Who made the Rugby World Cup?

First handcrafted in 1906, the Webb Ellis Cup is one of the oldest World Cup trophies in any sport. While the prizes at tournaments like the football World Cup have had numerous incarnations – the original Jules Rimet Trophy, for example, was awarded to Brazil in perpetuity after their win in Mexico in 1970 – the original is still handed to rugby union’s winning captain every four years.

The bespoke trophy is a Victorian version of another trophy first crafted as far back as 1740 by the silversmith and goldsmith, Paul de Lamerie.

It was selected as the trophy to be used at the first rugby World Cup by John Kendall-Carpenter, the former England forward and the then chairman of a tournament that would revolutionise global rugby, and Air Commodore Bob Weighill, the secretary of the International Rugby Board – the forerunner to World Rugby.

Standing at 38 centimetres in height, and weighing 4.5kg, the Webb Ellis Cup has two distinctive cast scroll handles, one of which bears the image of a satyr, the other the head of a nymph.
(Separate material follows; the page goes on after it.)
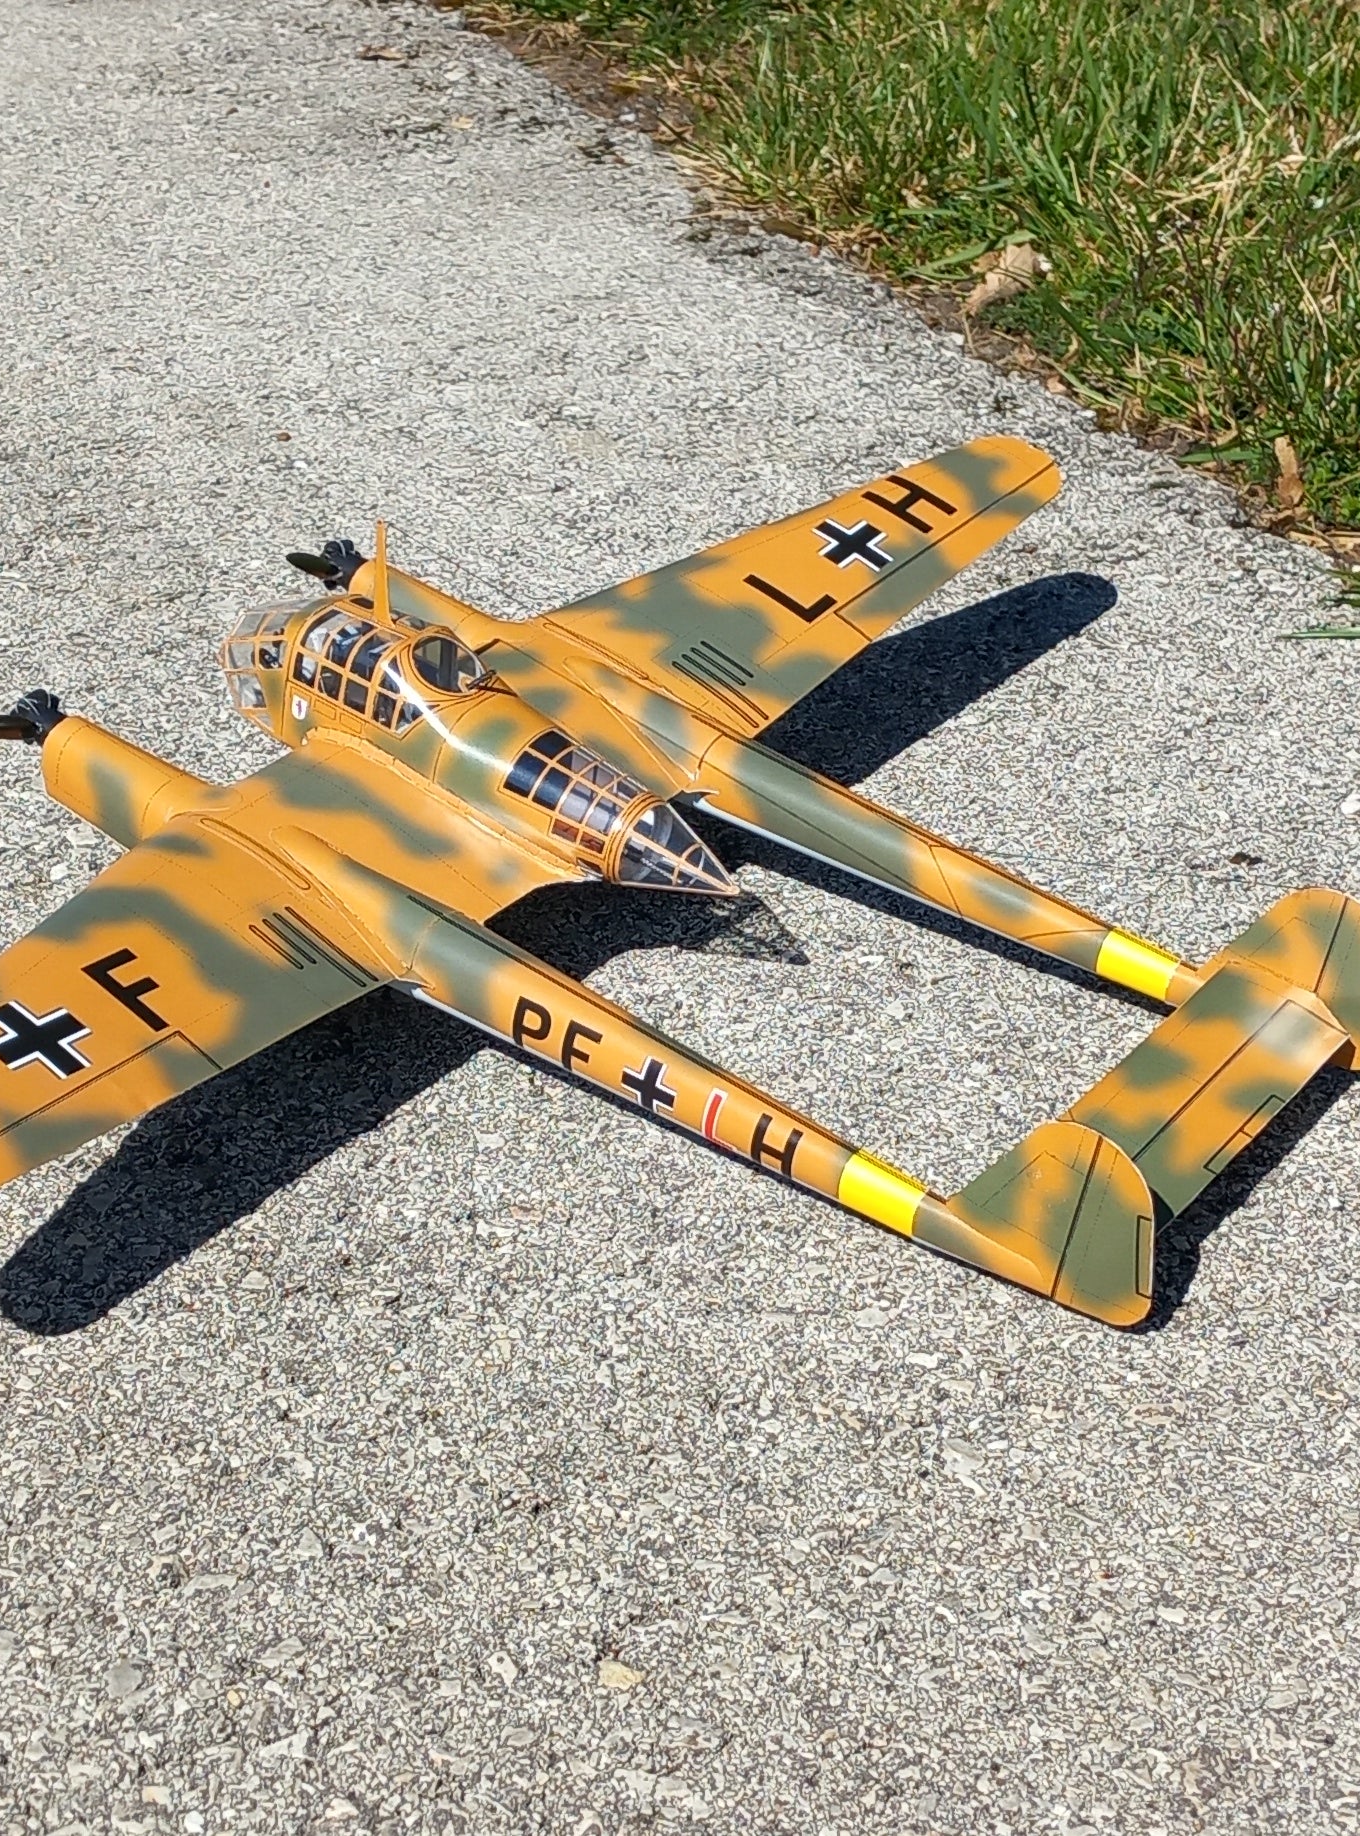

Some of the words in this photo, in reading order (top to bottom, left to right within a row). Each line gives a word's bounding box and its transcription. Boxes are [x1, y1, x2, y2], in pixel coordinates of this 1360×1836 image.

The face of this magnificent trophy, has the words ‘International Rugby Football Board’, while The Webb Ellis Cup is written below.

“Restoring a trophy as prestigious as the Webb Ellis Cup is a huge honour and a source of great pride for everyone involved. It’s a trophy that awards those at the very pinnacle of the game – and the work we do in between every World Cup is a reflection of our passion for both excellence and the sport itself.”
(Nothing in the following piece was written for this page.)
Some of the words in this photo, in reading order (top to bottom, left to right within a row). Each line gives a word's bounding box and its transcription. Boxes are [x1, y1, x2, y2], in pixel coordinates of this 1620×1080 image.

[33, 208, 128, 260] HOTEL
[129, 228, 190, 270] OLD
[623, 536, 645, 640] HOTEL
Kevin Baker, CEO and founder of Thomas Lyte
Expert silversmiths and restorers of the Webb Ellis Cup
Webb Ellis Cup trophy engraving
Decorative pineapple on top of the Webb Ellis Cup

Restoring the Rugby World Cup

Our master silversmiths and goldsmiths know the Webb Ellis Cup intimately, with the trophy regularly returning to the workshop for restoration. Sometimes the work might be minor, while at other times a more major repair job may be required. Regardless, we’re always ready to restore this iconic trophy to its original glory.
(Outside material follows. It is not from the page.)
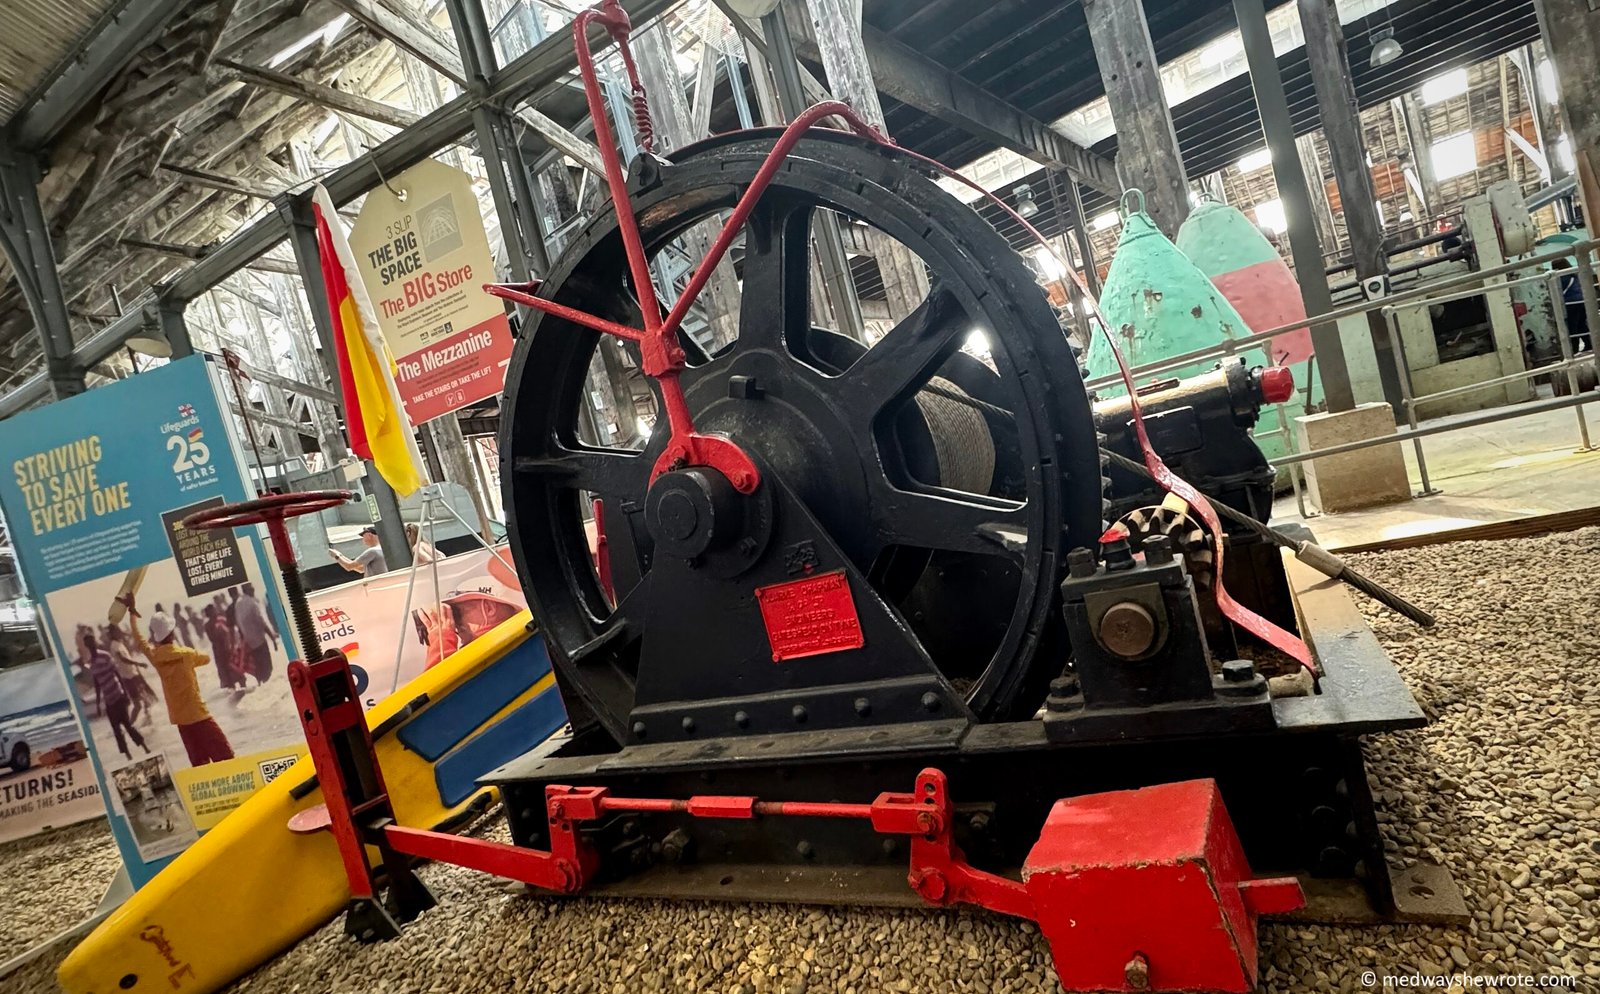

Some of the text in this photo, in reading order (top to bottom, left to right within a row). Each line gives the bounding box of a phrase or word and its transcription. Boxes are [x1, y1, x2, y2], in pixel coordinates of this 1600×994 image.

While our team are pioneers in modern methods such as 3D printing and electroforming, they are also masters in the centuries-old skills required to restore these priceless antiques. The process starts with our master silversmiths and goldsmiths, who undertake processes which can include knocking out dents, filing down deep scratches and sometimes more extreme restorative work. The trophy then is passed to our team of polishers who polish and buff the trophy back to its original state using polishing lathes that spin at speeds exceeding 3000 rpm. With the Rugby World Cup in particular, using a chemical reaction called electroplating, we give the trophy a quick dip in our gold-plating tanks to maintain its magnificent gold appearance.

Winning teams engraved on to the Rugby World Cup Webb Ellis Cup trophy

The final stage in the process, and one of the most important, is quality control. No trophy leaves our workshop without being thoroughly inspected by a team that has decades of experience ensuring that all bespoke silverware that leaves our workshops meets our exacting standards.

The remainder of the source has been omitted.